Unsere Befürchtungen hinsichtlich der auf die Expo ausgerichteten Stadtplanung haben sich eher bestätigt: der Bau der riesigen Pferdeturmkreuzung, die Linienführung der Stadtbahn am Rand des Wohngebietes Kronsberg, die Verschiebung anderer Stadtbahnverlängerungen nach hinten. Die Ausrichtung des Themenparks hat sich immer mehr an den Interessen einzelner Industriekonzerne orientiert. So wurde zum Beispiel ein Loblied auf die fossile Energie gesungen, Kohle als CO2-neutral und Atomenergie als sicher dargestellt. Der Druck der Expo-Kritik hat aber dazu geführt, dass zum Beispiel die Kronsberg-Siedlung mit einem höherem Energiestandard gebaut wurde als bisher in Hannover.
Hätten Sie es vorgezogen, die Expo gar nicht in der Stadt zu haben, oder hätten Sie sich nur eine andere Herangehensweise gewünscht?
Strobach: Zur Bürgerbefragung wurde viel versprochen, das nicht gehalten werden konnte.

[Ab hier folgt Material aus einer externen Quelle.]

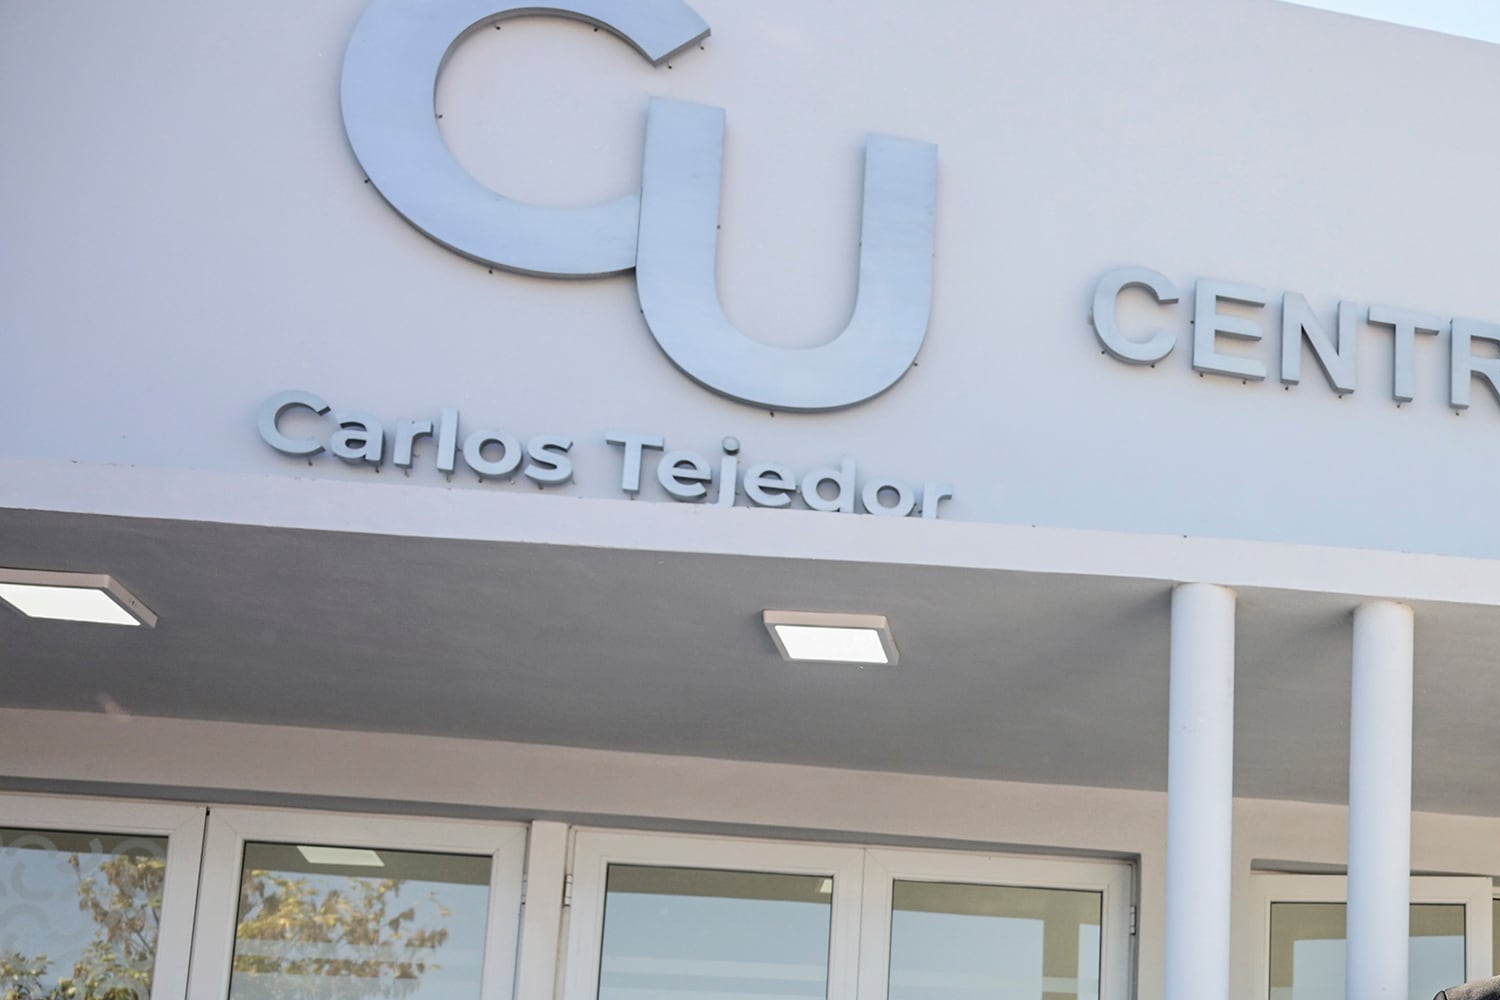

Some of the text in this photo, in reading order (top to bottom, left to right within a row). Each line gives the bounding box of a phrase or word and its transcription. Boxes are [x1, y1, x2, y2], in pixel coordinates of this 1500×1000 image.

[340, 0, 939, 414] CU
[257, 389, 953, 520] Carlos Tejedor

Mehr Ehrlichkeit wäre da wirklich wünschenswert gewesen.
Kritisiert haben Sie im Vorfeld der Expo unter anderem den CO2-Ausstoß durch den Anreiseverkehr und Einwegbehältnisse, die viel Müll produzieren. Die Expo gebe sich fälschlicherweise ein umweltfreundliches Image, so ein Kritikpunkt. Das sind Themen, die heute noch genauso aktuell sind wie vor 20 Jahren. Haben Sie den Eindruck, dass Hannover aus der Expo gelernt hat?
Strobach: Das Thema Nachhaltigkeit wurde nach der Expo leider nicht weitergeführt, was dafür spricht, dass der Marketingeffekt überwogen hat. Zwei Beispiele: Baugebiete in Hannover werden weitgehend immer noch nach den Energiestandards der Kronsberg-Siedlung gebaut, eine Weiterentwicklung in Richtung vollständiger Passivhausbauweise gibt es leider nicht. Und zweitens: 20 Jahre nach der Expo sollte im Juli 2020 auf dem Messegelände die Auto-Tuning-Messe "PS-Days" stattfinden, nur wegen Corona wurde sie abgesagt.

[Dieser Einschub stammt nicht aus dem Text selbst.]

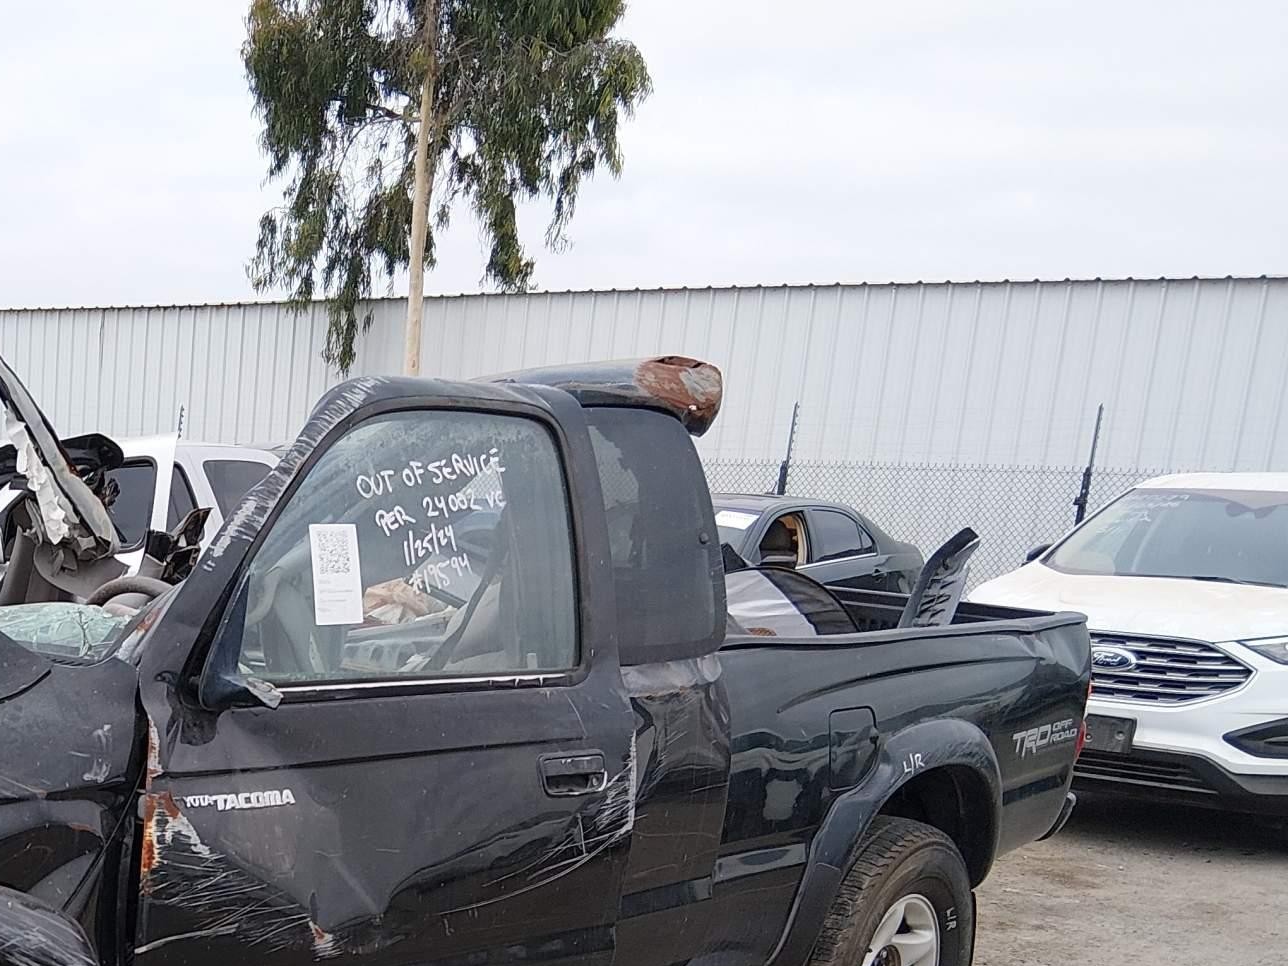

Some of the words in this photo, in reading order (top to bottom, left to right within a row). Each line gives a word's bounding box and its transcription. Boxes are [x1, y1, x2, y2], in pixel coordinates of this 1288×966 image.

[356, 470, 394, 499] OUT
[402, 461, 424, 487] OF
[427, 447, 506, 484] SERVICE
[375, 505, 416, 537] PER
[403, 522, 457, 567] 1/25/24
[1012, 723, 1052, 758] TRD
[1052, 718, 1073, 731] OFF
[1049, 727, 1078, 743] ROAD
[903, 753, 925, 775] L/R
[213, 789, 296, 811] TACOMA
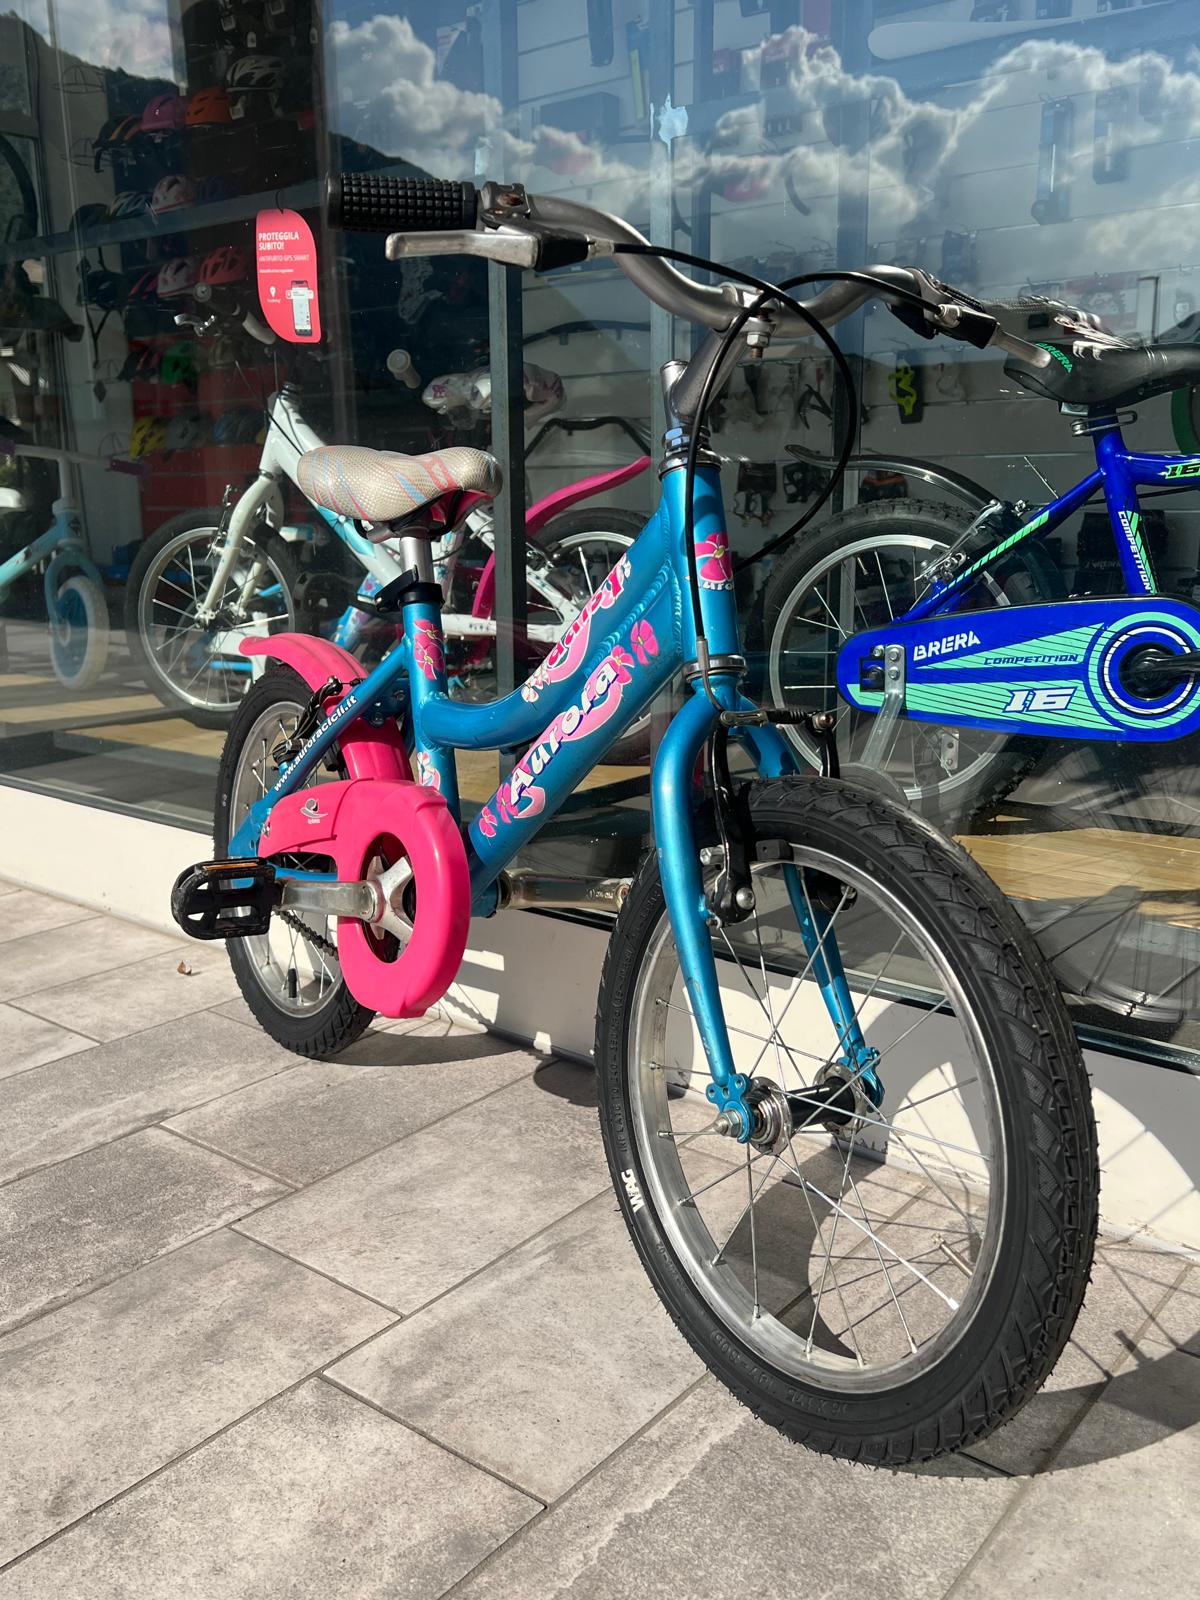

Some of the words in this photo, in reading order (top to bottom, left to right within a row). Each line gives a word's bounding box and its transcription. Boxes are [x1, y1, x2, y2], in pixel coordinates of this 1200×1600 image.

[258, 231, 300, 241] PROTEGGILA
[1117, 510, 1152, 592] COMPETITION
[913, 630, 981, 662] BRERA
[984, 653, 1079, 666] COMPETITION
[1002, 686, 1079, 713] 16
[273, 694, 358, 792] www.auroracicli.it
[510, 662, 619, 808] Aurora
[620, 1167, 646, 1214] WAG

Mit welchem Gefühl, mit welchen Gedanken blicken Sie heute auf die Expo 2000 zurück?
Strobach: Unterschätzt haben wir in den Diskussionen vor der Expo, dass sie ein touristisches Event für die regionalen Besucherinnen und Besucher sein könnte beziehungsweise dann - wegen der ausbleibenden Fernreisenden - auch war. Deswegen sehen es auch viele rückwirkend positiv. Persönlich war es interessant, sich zwölf Jahre lang, seit 1988, immer wieder mit dieser Einmalveranstaltung beschäftigt und mitdiskutiert zu haben. Durch die Kritik an der Expo konnten wir einiges zum Besseren beeinflussen - vieles aber auch nicht.
Die Fragen stellte Julia Scheper.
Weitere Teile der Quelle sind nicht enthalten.